Of course, all three bands devolved after a mid-decade peak, each experiencing different degrees of creative failure. After the polarizing yet fiercely original Roots, Sepultura split up at the height of their viability. (Sorry, Brazilian readers, but when the story is told outside of your country, that's how it ends.) Fear Factory found commercial success after the seminal--and utterly destructive--Demanufacture, but it came at a price. Subsequently, they threw some bones to the current trends of the times, employing cringe-worthy faux hip-hop on "Edgecrusher" and gunning for rock radio acceptance on the sterile Digimortal. For teens struggling with the last throes of Favorite Band Syndrome, this decay was tough to take, but even as these bands lost the plot, their creative slides were somewhat gradual and—unlike their interpersonal dramas—handled with some semblance of tact.
Not so with Machine Head.
Burn My Eyes' place in history is well-documented; it's basically the groove metal / half-thrash blueprint. But the collective memory seems to be hazy in regards to the band's legacy. The title of the band's lackluster sophomore effort, The More Things Change..., was a stab at the commercialization of unnamed contemporaries—a statement of supposed stalwart intent.
Almost immediately afterward, they did a philosophical one-eighty. The Burning Red was a blatant attempt at commercial viability, combining practically every bad idea that had seeped its way into hard rock consciousness circa 1999: Static-X disco beats ("The Blood, The Sweat, The Tears"). piss-poor shit-hop (the embarrassingly titled "Desire to Fire"), the requisite 80s cover ("Message In A Bottle"), and the shiny orange track jacket (the promo video for "From This Day"). They even squeezed Adam Duce into a t-shirt that would make David Vincent blush.
Most bands will eke out a single misstep before backtracking, a la Cold Lake. Machine Head strapped the blinders on and took it a step further, releasing the insipid Supercharger to an indifferent audience a scant two years later. (The album is microcosm'd by the 9/11-insipred, teenage nu-drama "Crashing Around You." For a contrast between Machine Head and its contemporaries, consider the fact that Fear Factory's token 9/11 song is called "Controlled Demolition.")

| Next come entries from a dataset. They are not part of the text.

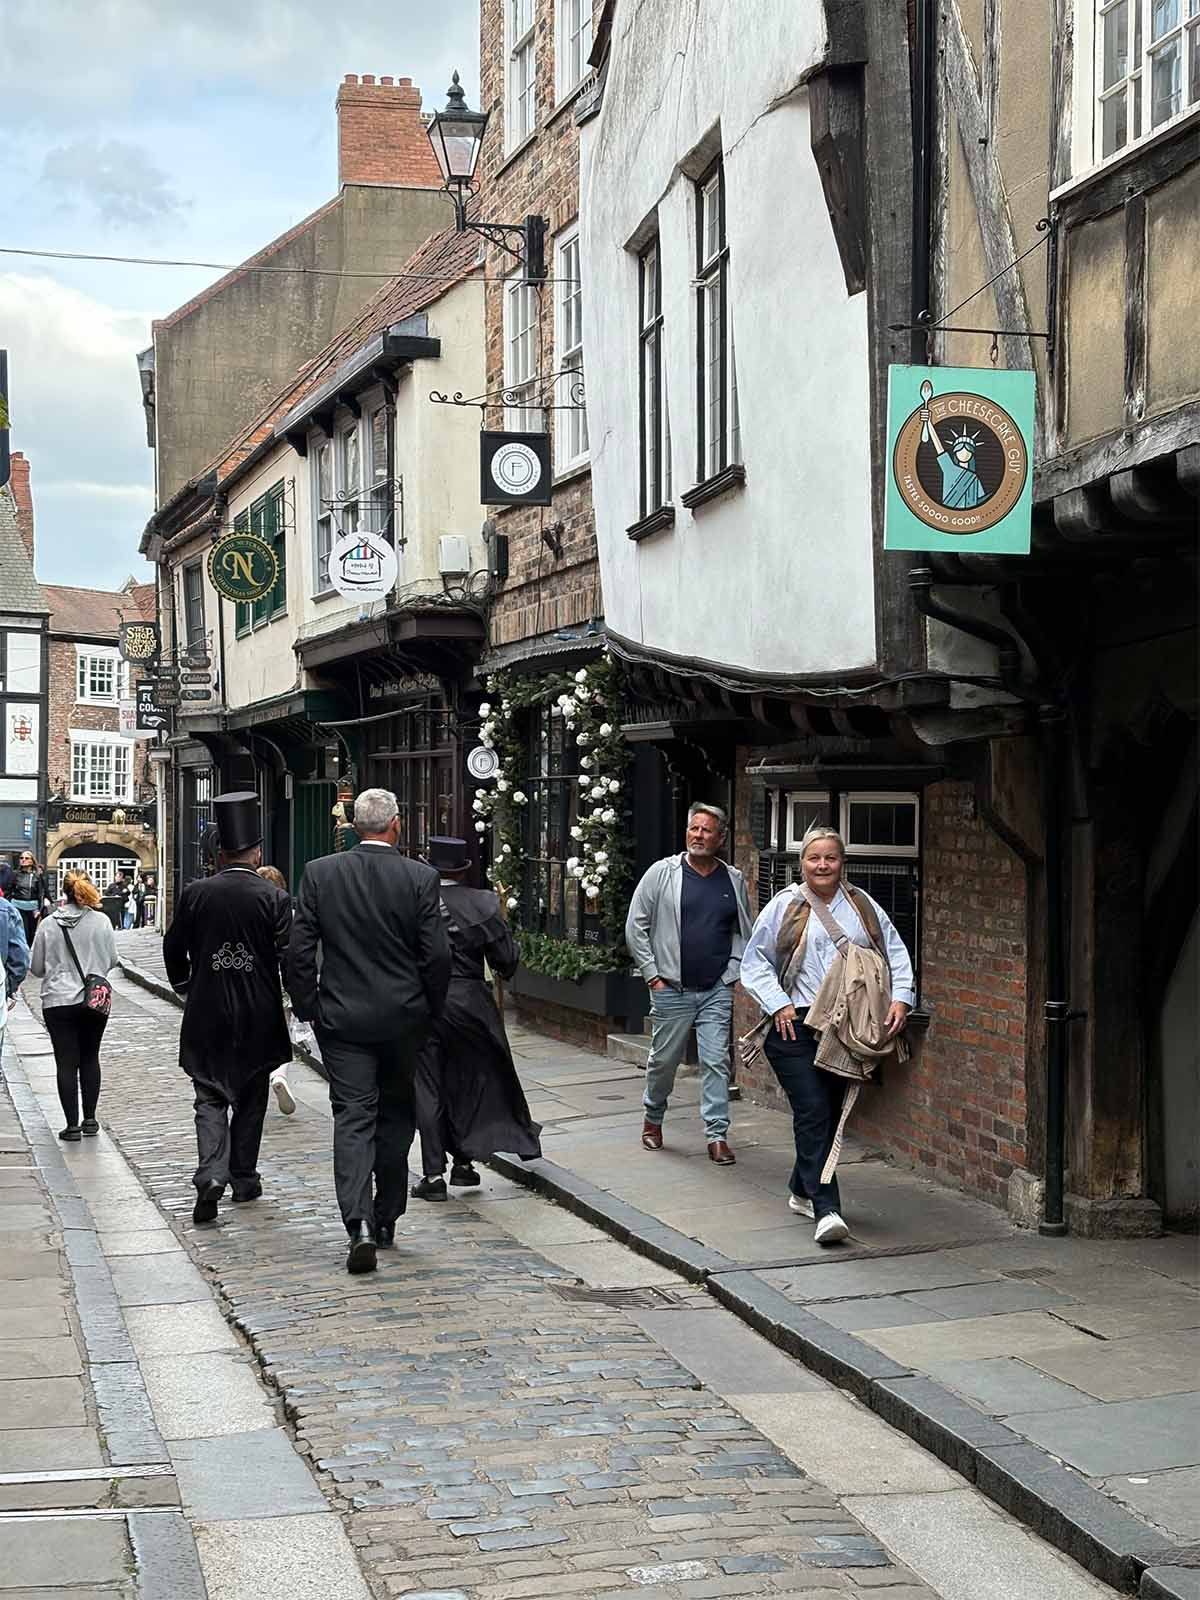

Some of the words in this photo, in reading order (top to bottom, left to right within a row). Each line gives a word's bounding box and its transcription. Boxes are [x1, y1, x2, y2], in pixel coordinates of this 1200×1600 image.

[948, 399, 1016, 446] CHEESECAKE
[1007, 448, 1021, 474] GUY
[511, 462, 523, 477] F
[903, 475, 921, 501] TASTES
[918, 501, 949, 524] SOOOO
[222, 551, 265, 586] N
[126, 627, 154, 640] SHOP
[124, 643, 143, 654] NOT
[65, 809, 97, 821] Golden

The dredging of this dirty laundry is not without purpose; these albums frame the context of every subsequent MH release. In fact, they undermine them to a significant degree, no matter how many times Flynn name-drops Skeletonwitch and All Shall Perish in order to bolster his credibility. If Through The Ashes of Empires was a tentative step into the "hey, guys, can we be metal again..?" waters, The Blackening was akin to donning water wings, stripping naked from the waist down, and whipping their dicks against the faces of beachgoers.
Aside from giving a slanderous web article more attention than it would've gotten on its own via the misguided "Aesthetics of Hate," The Blackening brought Machine Head back to legitimacy, mostly by the way of overlong songs (they’re more metal that way, right?) and shitloads of guitar solos. (To the band's credit, recruiting Phil Demmel to replace ousted scapegoat Ahrue Luster was a phenomenal move.) The trouble is, both of these efforts rang hollow. After all of this shape-shifting—and we’re talking subtlety-free, shotgun-to-the-face metamorphosis here—Machine Head seems like a band that simply swaps skins when convenient. It’s hard to take all these newfound, by-the-numbers, metal-as-fuck affectations seriously, especially if you’re one of the unfortunate few that saw Flynn turn “Old” into a rap song back in 2001.

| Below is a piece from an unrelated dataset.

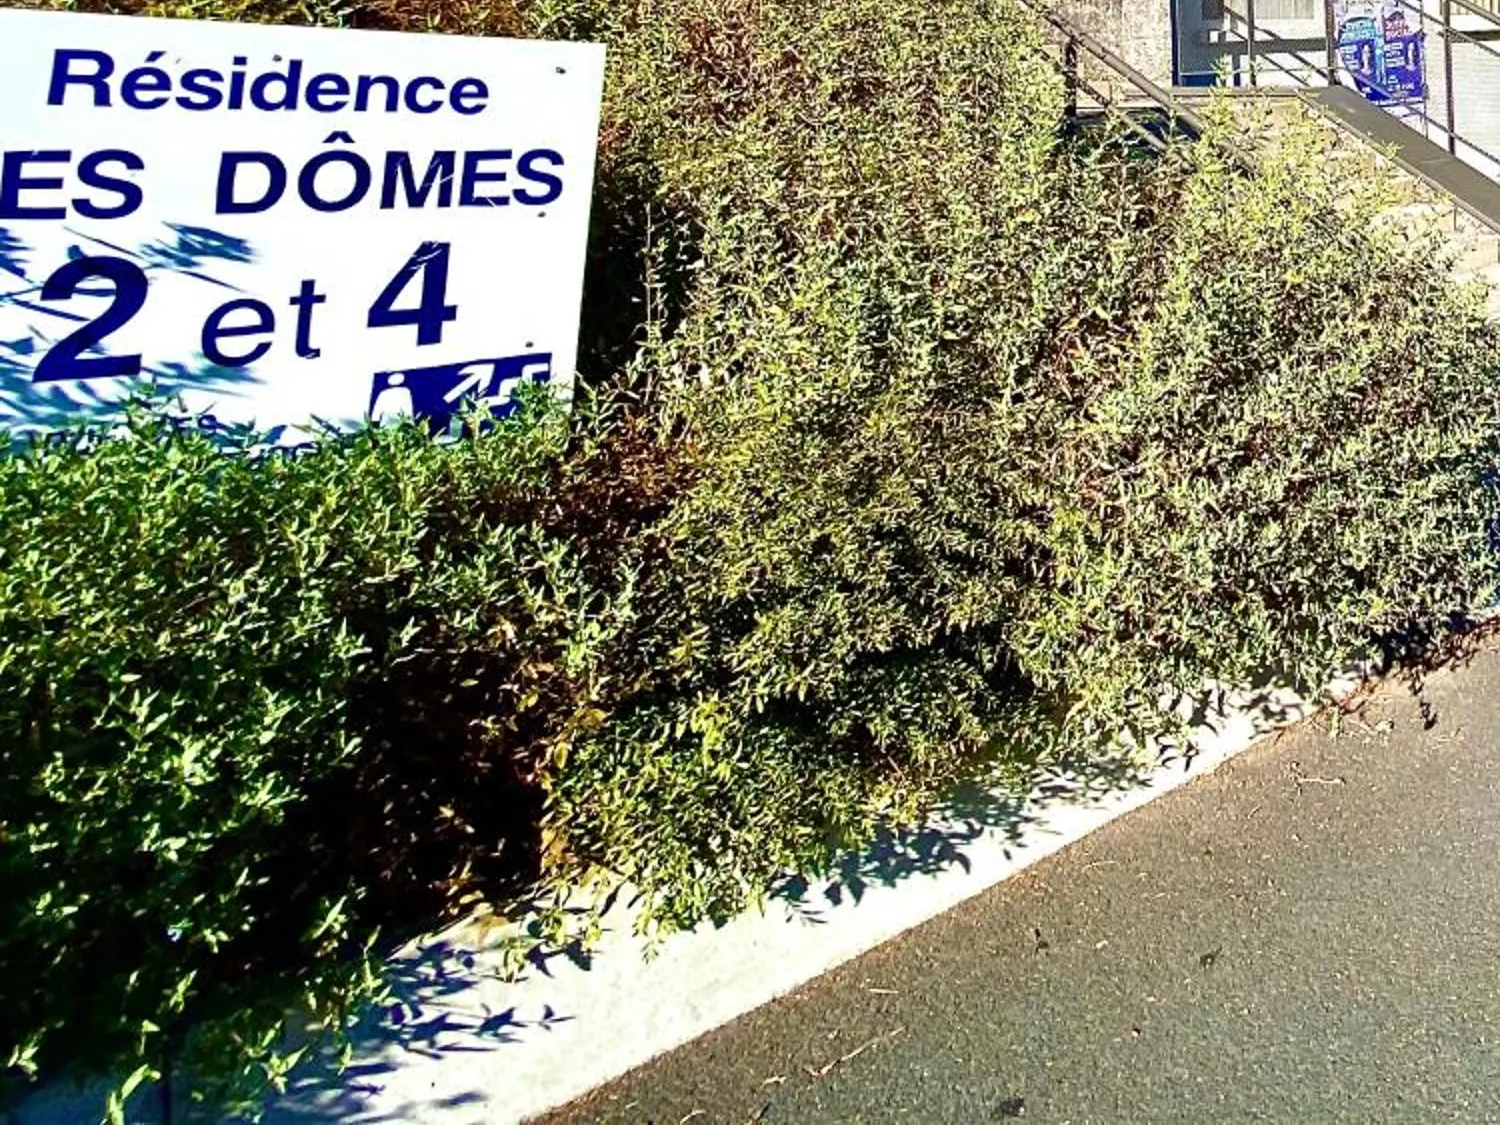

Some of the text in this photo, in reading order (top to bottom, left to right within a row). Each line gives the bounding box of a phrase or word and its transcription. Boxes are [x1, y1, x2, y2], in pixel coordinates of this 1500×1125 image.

But on the other hand, everyone loves a redemption story, One doesn’t have to try very hard to conjure up a sticker-ready blurb: “After digging themselves up from the depths, Machine Head has found a devastating new voice to match their darker, heavier worldview.” (Not bad, eh?) So, in 2011, with the release of Unto The Locust, we’re supposed to continue to sing the praises of a changed Machine Head. By golly, they deserve a pat on the back for a song like “I Am Hell (Sonata in C#)”, which basically sounds like something off Testament’s Low. (An album, for those keeping track, that came out back in 1994. While we’re on the topic, The Gathering came out in 1999, the same year as The Burning Red. Just another example of how Machine Head stacks up against their contemporaries.)
Should we give Flynn and Demmel bro-hugs for the sugary melodies and pinch harmonics that have been strewn across “Be Still and Know” and “Locust”? Do we give them backslaps and handshakes for ticking all the right boxes? For incorporating all the tropes that will lodge this record into the hearts and minds of the arena-mongers that troll Trivium records for glimmers of sleeveless inspiration?
In a word, no. Functionality doesn't merit fawning, and predicatibilty is heavy metal's mortal enemy. Unto the Locust suffers from a dire lack of spontaneity, and it fails to make up for it with intelligent songwriting. These compositions are easily the most intricate of the band’s career, but hackneyed cut-and-pasting too often derails the album’s momentum. “This is the End” vaguely recalls the aggression of “Bay of Pigs” before losing its way on a creaking, threadbare bridge; it’s only rescued—with talons carved from toscanello—by a deus ex machina solo littered with egregious divebombs.
Later, the ballad “Darkness Within” succumbs to the weight of its earnestness, much like Machine Head as a whole. They’re trying, man…they’re trying real fuckin’ hard. And that’s the problem. Nothing about Unto The Locust seems natural; it’s a work of heavy metal manufacturing, built for an established audience that has already been cultivated by the likes of Arch Enemy and All That Remains. Machine Head has no shortage of anthemic choruses and big leads, and Unto The Locust comes factory-lacquered with melodramatic transparency and primed for indiscriminate human consumption.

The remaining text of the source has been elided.